Compared to the aeons of earth's story told here, man's history is that of a few "happy-luckygo" moments measured in a handful of lazy centuries. There were the Anasazis, "the ancient ones," their mud dwellings in crevices of high cliffs, dusty and sunbaked evidence of their lives and times. Then came the Navajos and then the traders and then the tourists. The land changes, the people change, but only the skies over slick rock never change. The skies reflect the temper of the harsh, radiant land, the seething turmoil of the restless weather, the violence of an unbridled sun and other elements in Nature's repertoire. In all, the picture of skies over slick rock is a very pleasing one. The skies give character to and add color to the land. As the setting of gold and platinum, lovingly created by the master jeweler, embellishes the precious gem, so the skies set off the wilderness of slick rock below, emphasizing its grandeur, dramatizing its moods, deepening its fathomless mystery, adding sparkle and brilliance to its highlights.
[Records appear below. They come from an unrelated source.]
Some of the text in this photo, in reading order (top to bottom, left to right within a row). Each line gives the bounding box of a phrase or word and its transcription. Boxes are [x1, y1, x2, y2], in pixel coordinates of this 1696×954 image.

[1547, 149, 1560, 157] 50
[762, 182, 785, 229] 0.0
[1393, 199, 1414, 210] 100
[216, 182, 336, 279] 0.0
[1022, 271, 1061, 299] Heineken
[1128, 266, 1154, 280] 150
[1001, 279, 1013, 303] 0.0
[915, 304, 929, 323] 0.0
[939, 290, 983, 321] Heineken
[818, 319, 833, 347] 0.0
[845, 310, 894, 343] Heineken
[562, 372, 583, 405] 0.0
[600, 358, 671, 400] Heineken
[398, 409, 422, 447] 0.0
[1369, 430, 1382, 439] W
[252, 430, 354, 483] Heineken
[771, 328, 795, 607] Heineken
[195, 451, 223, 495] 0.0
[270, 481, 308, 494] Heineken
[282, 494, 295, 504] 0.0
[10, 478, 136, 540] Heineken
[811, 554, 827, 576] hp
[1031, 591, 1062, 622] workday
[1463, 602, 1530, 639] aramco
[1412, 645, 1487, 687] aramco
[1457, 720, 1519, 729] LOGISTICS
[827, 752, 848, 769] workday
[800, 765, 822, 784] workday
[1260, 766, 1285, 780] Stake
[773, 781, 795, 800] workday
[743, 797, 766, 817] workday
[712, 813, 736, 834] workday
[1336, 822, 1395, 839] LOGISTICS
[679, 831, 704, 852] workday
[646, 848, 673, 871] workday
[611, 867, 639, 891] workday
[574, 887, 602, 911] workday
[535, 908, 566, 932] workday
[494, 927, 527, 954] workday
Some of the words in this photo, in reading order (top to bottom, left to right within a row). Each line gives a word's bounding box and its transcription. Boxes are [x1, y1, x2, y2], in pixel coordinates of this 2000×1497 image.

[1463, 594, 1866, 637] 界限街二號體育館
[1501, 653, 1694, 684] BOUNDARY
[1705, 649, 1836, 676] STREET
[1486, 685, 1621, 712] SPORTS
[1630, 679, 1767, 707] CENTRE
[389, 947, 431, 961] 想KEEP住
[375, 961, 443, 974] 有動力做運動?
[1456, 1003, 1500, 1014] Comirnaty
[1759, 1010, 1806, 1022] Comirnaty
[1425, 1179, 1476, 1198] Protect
There are many, many days, of course, when the skies are clear and devoid of even a vestige of cloud. These skies are the despair of the photographer. The overhead blue fades into a white blah! at the horizon and no one ever found white blah! tantalizingly photographic however colorful the land holding them up. When the storms blow in from over the surrounding mountains, then you have the skies to please the poet's fancy but which are the everlasting despair of the painter. These skies grab the sun's rays and with that alchemy peculiar to Heaven turn themselves into extravaganzas of color, bold and raucous color, iridescent and evanescent, as varied as the tempestuous earth below, as changeable as the minutes of the day, the days of the months, the months of the season, the seasons of the year. The stormy times of the year are generally in late summer and winter, but each season has its characteristic skies. Summer brings the great, white thunderheads, rain-laden, and how they set off the terrain! When these cloud-bedecked skies do mad extravagant tricks with the sun's rays at close of day, the result is something to behold and to remember. The skies of winter, hurled furiously over the mountains from the north and west, are dark and ominous but they, too, have a charm all their own. They are never the same, these skies over slick rock. The expectant beholder can depend on one thing, though: When the sun is right, when the season is right, when the clouds are right, skies over slick rock are as spectacular as any you'll ever find anywhere, any time.